TASK DIRECTIONS
Since pictures do not belong in the copy, please repeat every record below exactly without them.
--------------------
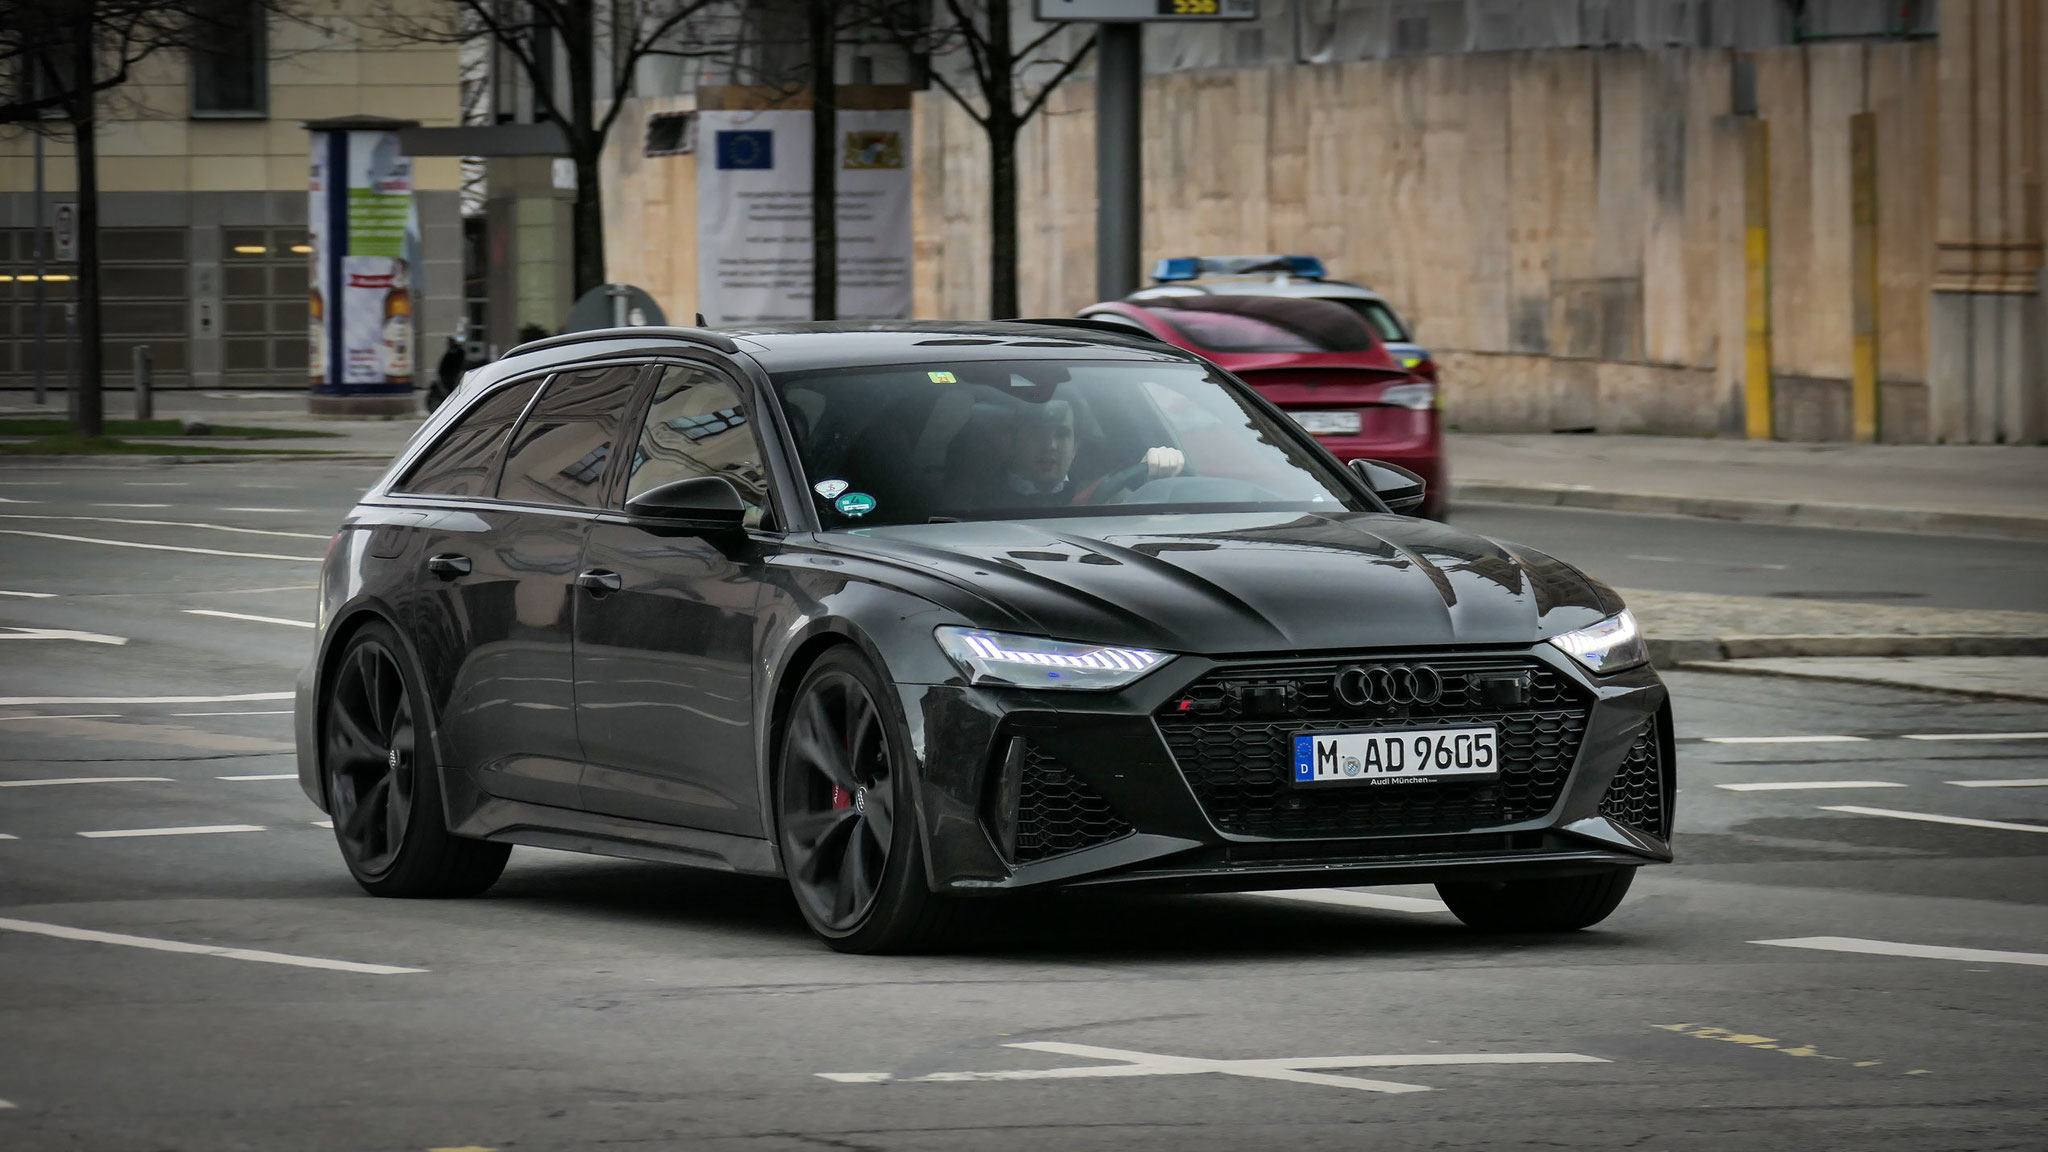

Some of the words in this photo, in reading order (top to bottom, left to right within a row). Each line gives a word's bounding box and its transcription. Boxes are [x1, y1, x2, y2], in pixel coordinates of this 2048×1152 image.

[1317, 740, 1338, 775] M
[1364, 738, 1404, 773] AD
[1414, 733, 1493, 769] 9605
[1301, 763, 1308, 774] D
[1391, 776, 1428, 784] München
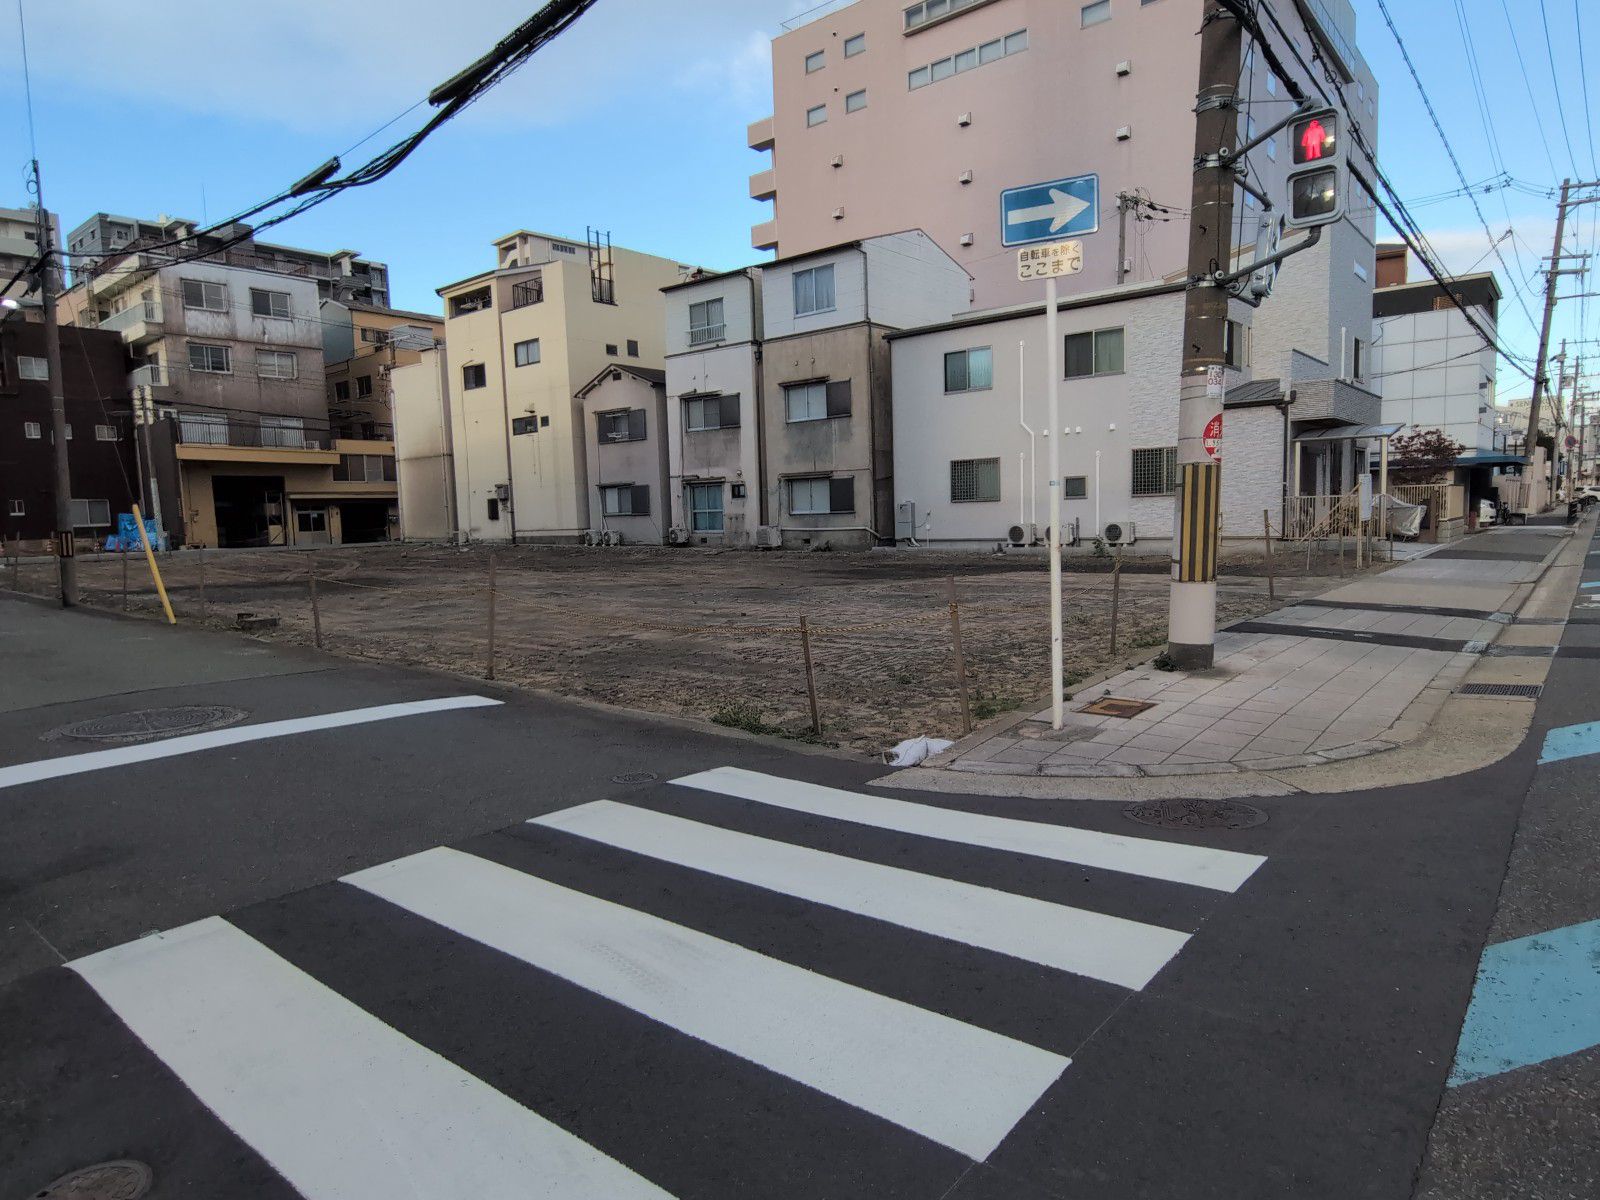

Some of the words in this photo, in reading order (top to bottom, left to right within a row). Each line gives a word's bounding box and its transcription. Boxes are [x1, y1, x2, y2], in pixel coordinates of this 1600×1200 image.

[1021, 244, 1080, 261] 自転車を除く
[1021, 257, 1080, 278] ここまで
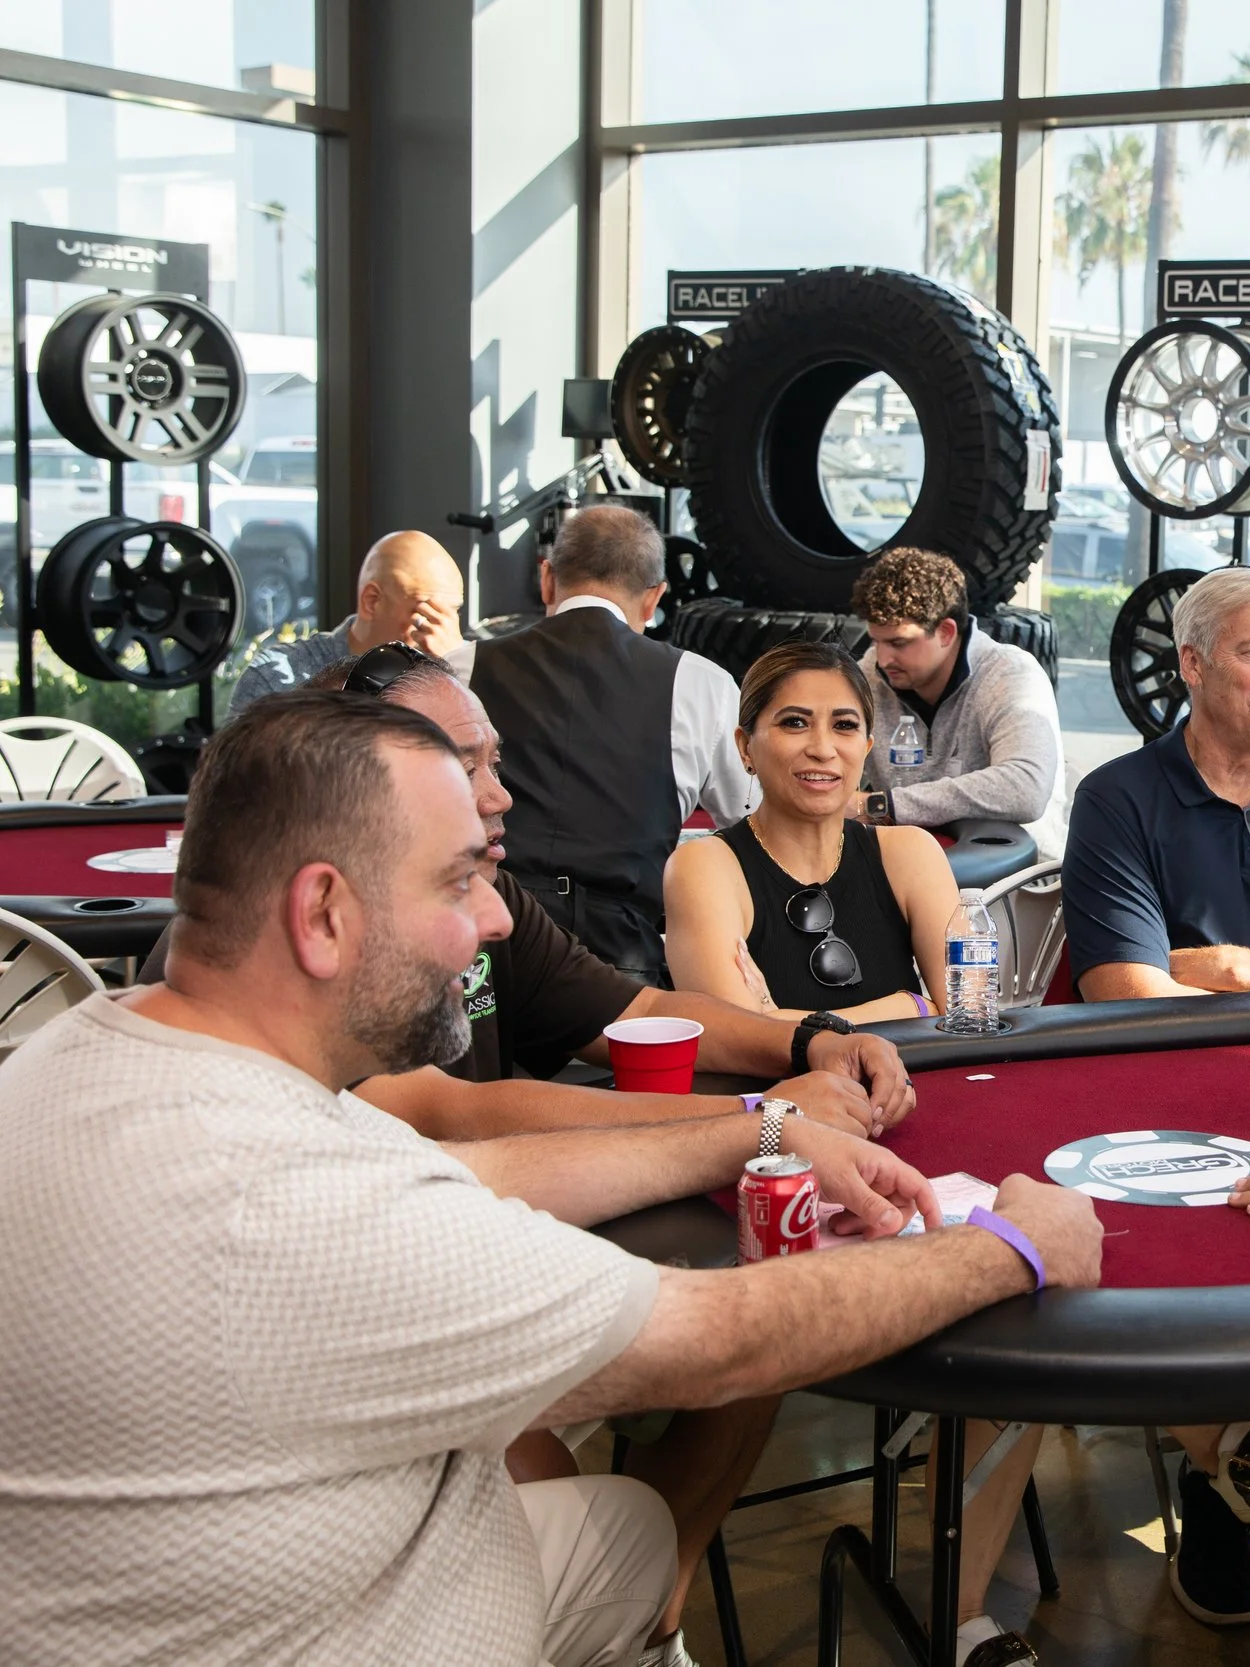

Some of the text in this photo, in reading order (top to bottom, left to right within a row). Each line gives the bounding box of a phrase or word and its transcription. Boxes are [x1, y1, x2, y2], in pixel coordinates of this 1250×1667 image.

[57, 239, 168, 265] VISION
[677, 287, 767, 309] RACELI
[1104, 1157, 1238, 1178] GRECH
--------------------
TASK OUTPUT
Some of the words in this photo, in reading order (top to bottom, left to right within a row). Each line gives a word's bounding box and its transcription. Boxes are [x1, y1, x2, y2], in pixel coordinates of this 2048×1152 image.

[1317, 740, 1338, 775] M
[1364, 738, 1404, 773] AD
[1414, 733, 1493, 769] 9605
[1301, 763, 1308, 774] D
[1391, 776, 1428, 784] München

Some of the words in this photo, in reading order (top to bottom, left to right within a row). Each line gives a word's bounding box and its transcription. Boxes are [x1, y1, x2, y2], in pixel coordinates of this 1600×1200 image.

[1021, 244, 1080, 261] 自転車を除く
[1021, 257, 1080, 278] ここまで

Some of the text in this photo, in reading order (top to bottom, left to right within a row). Each line gives the bounding box of a phrase or word and its transcription. Boxes are [x1, y1, x2, y2], in pixel coordinates of this 1250×1667 image.

[57, 239, 168, 265] VISION
[677, 287, 767, 309] RACELI
[1104, 1157, 1238, 1178] GRECH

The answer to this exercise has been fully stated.